EXERCISE: Without the pictures, copy all the entries below exactly.

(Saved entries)
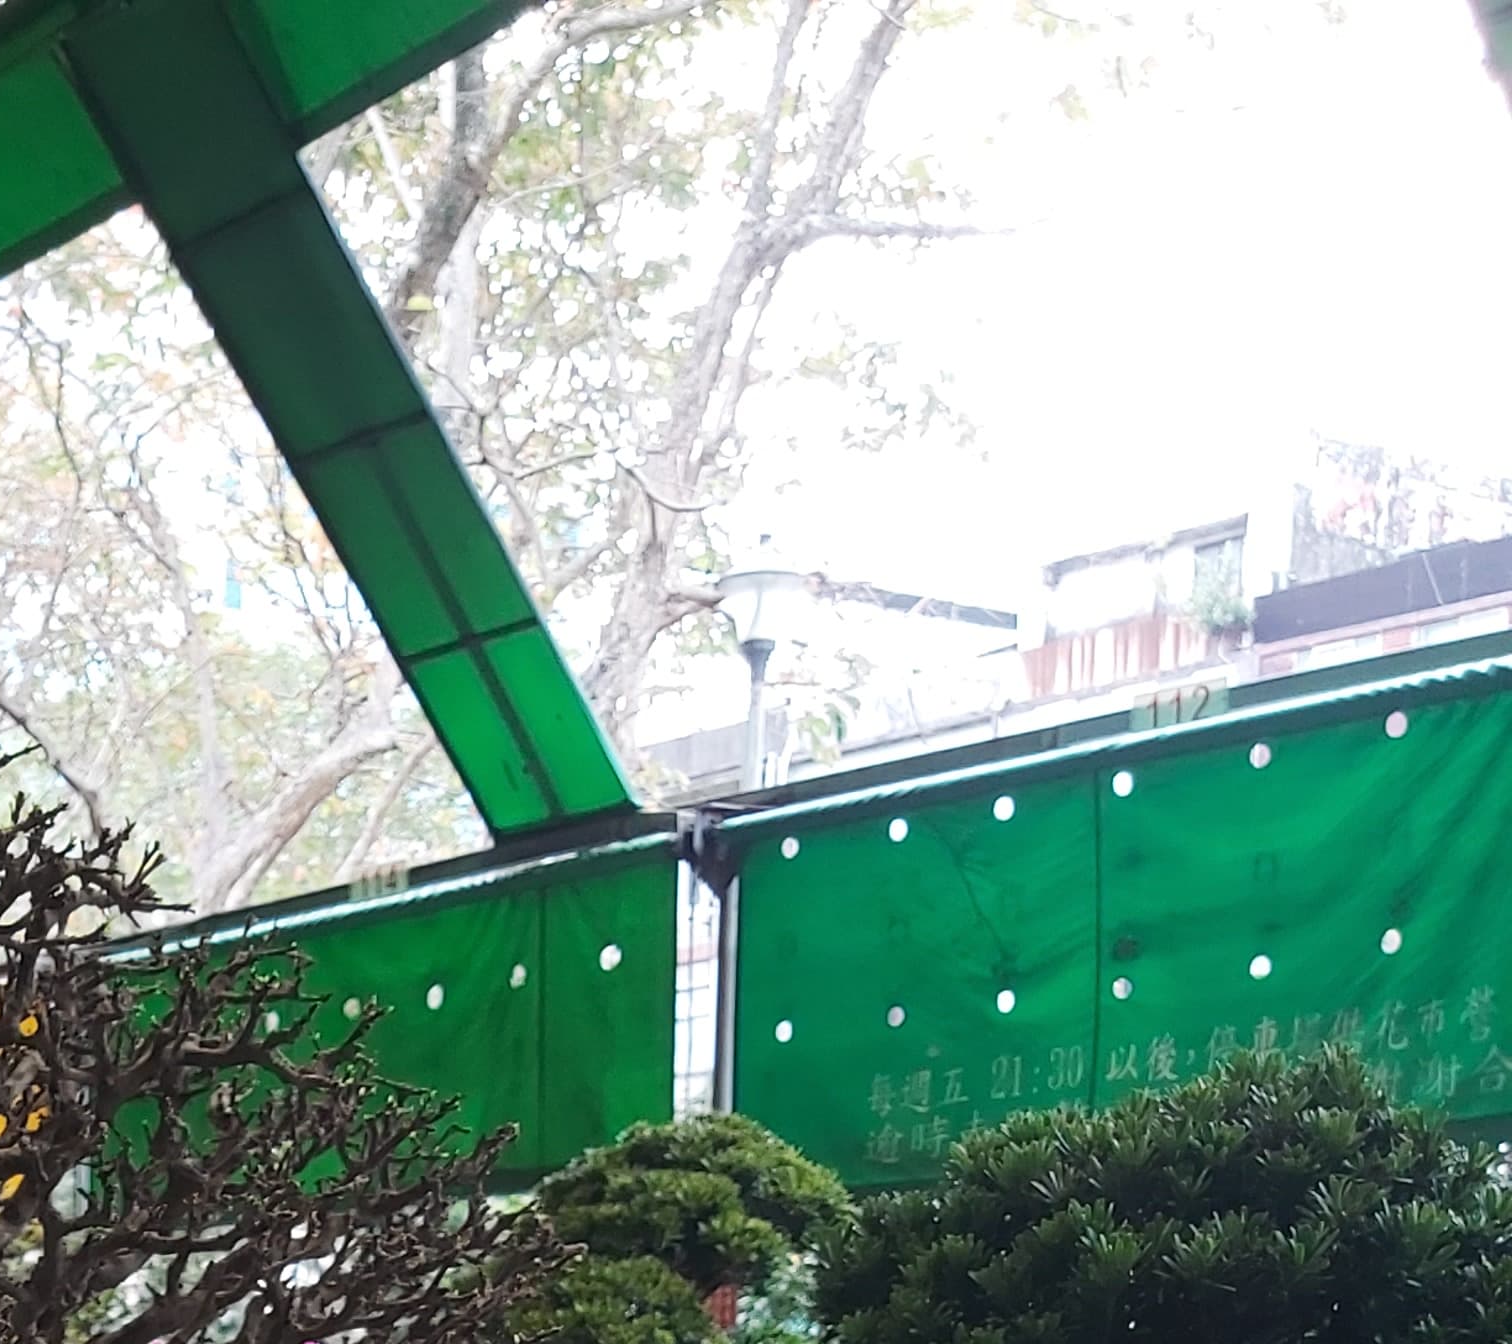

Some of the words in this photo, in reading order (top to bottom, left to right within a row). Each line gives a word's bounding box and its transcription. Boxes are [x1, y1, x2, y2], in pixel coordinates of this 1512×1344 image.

[1147, 684, 1209, 728] 112
[868, 1068, 968, 1118] 每週五
[990, 1046, 1085, 1100] 21:30
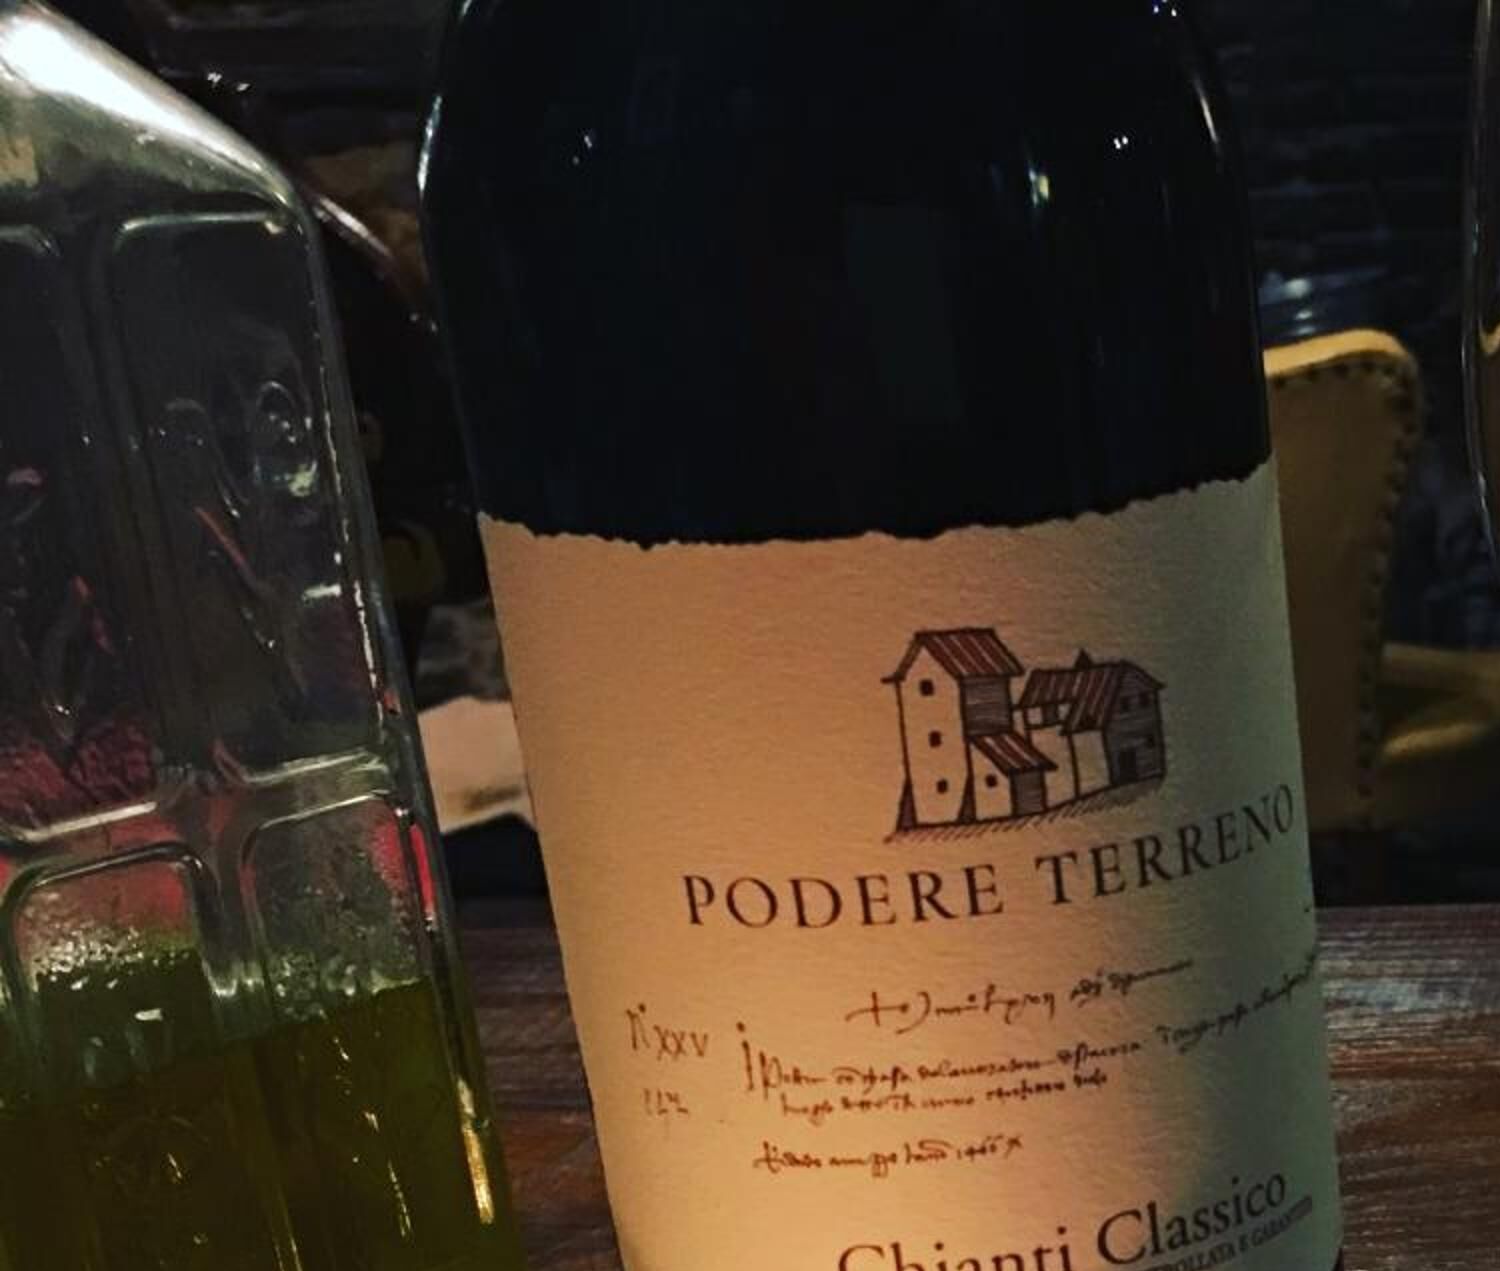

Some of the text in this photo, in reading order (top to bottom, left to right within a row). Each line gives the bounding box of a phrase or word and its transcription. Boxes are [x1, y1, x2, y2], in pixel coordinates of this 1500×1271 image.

[682, 783, 1295, 929] PODERE TERRENO
[1096, 1173, 1287, 1266] Classico
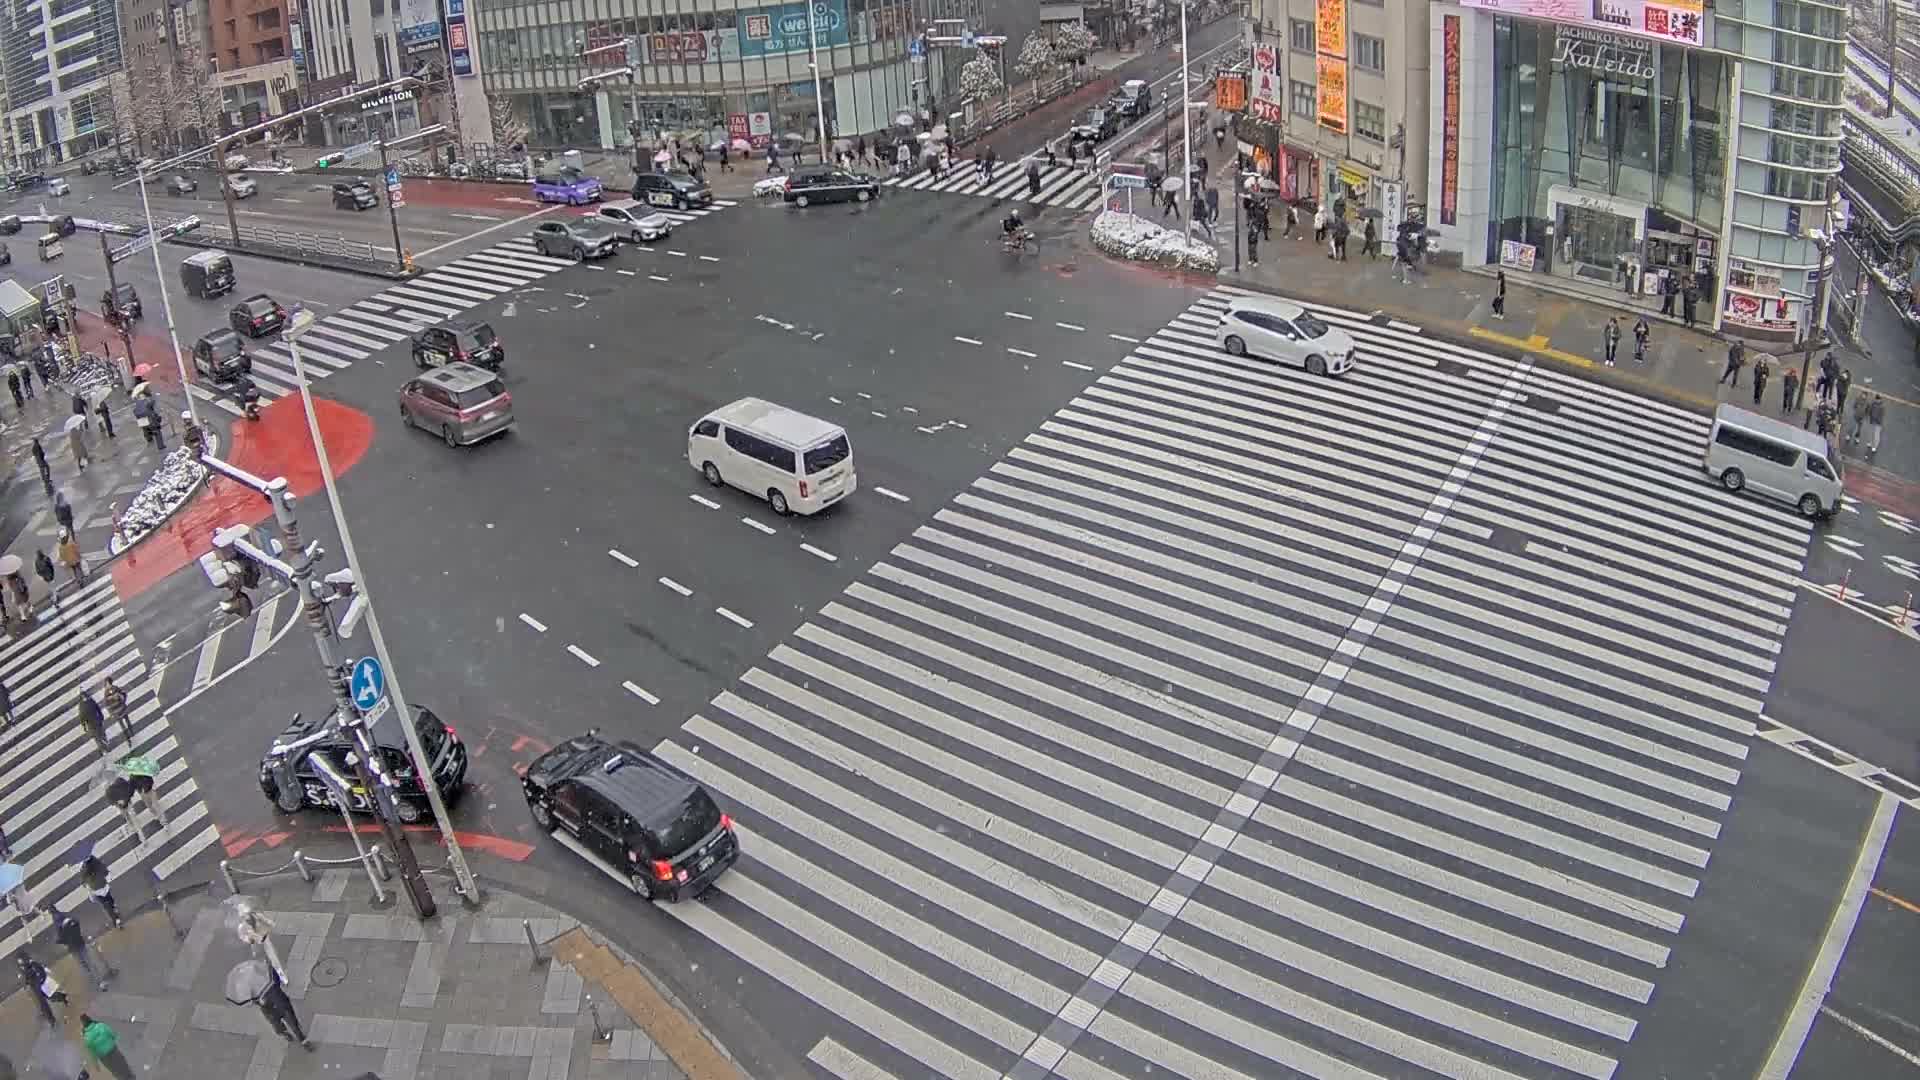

PROBLEM SOLUTION:
Some of the words in this photo, in reading order (top to bottom, left to right within a row). Each line gives a word's bounding box and its transcription. Boxes are [x1, y1, x2, y2], in pixel coordinates of this 1512×1344 image.

[1147, 684, 1209, 728] 112
[868, 1068, 968, 1118] 每週五
[990, 1046, 1085, 1100] 21:30

Some of the text in this photo, in reading order (top to bottom, left to right within a row). Each line gives the bounding box of a phrase or word and its transcription. Boxes are [x1, y1, x2, y2], in pixel coordinates of this 1500×1271 image.

[682, 783, 1295, 929] PODERE TERRENO
[1096, 1173, 1287, 1266] Classico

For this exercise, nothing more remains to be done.